→ **Aim of the task**
Please copy the records exactly as they appear, with all pictures left out.

→ **Available data**
- Opening Delimiter -

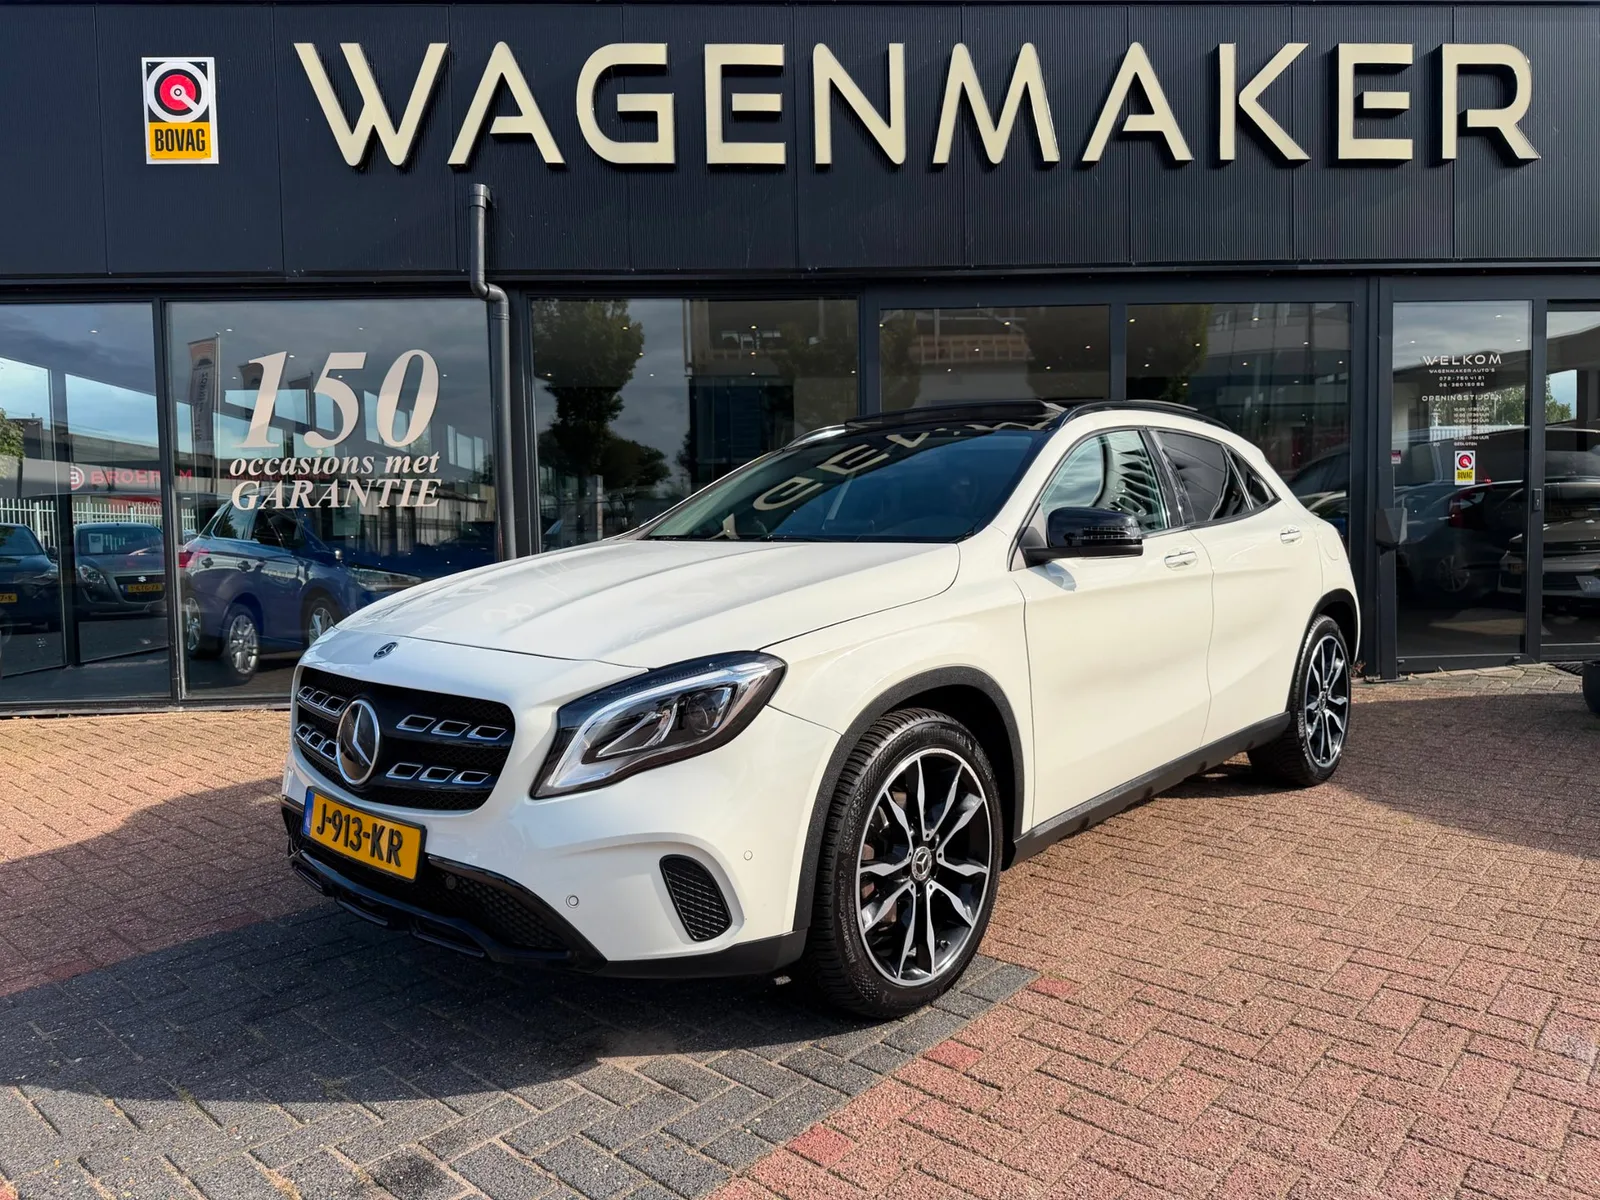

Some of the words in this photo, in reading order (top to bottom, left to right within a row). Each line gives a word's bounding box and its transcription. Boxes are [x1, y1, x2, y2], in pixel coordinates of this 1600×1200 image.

[293, 41, 1541, 166] WAGENMAKER
[154, 128, 207, 154] BOVAG
[1422, 354, 1502, 366] WELKOM
[231, 349, 439, 448] 150
[1421, 393, 1502, 402] OPENINGSTIJDEN
[229, 449, 375, 477] occasions
[384, 451, 441, 474] met
[231, 478, 442, 511] GARANTIE
[316, 803, 403, 867] J-913-KR

- Closing Delimiter -

→ **Answer**
Some of the words in this photo, in reading order (top to bottom, left to right within a row). Each line gives a word's bounding box and its transcription. Boxes are [x1, y1, x2, y2], in pixel coordinates of this 1600×1200 image.

[293, 41, 1541, 166] WAGENMAKER
[154, 128, 207, 154] BOVAG
[1422, 354, 1502, 366] WELKOM
[231, 349, 439, 448] 150
[1421, 393, 1502, 402] OPENINGSTIJDEN
[229, 449, 375, 477] occasions
[384, 451, 441, 474] met
[231, 478, 442, 511] GARANTIE
[316, 803, 403, 867] J-913-KR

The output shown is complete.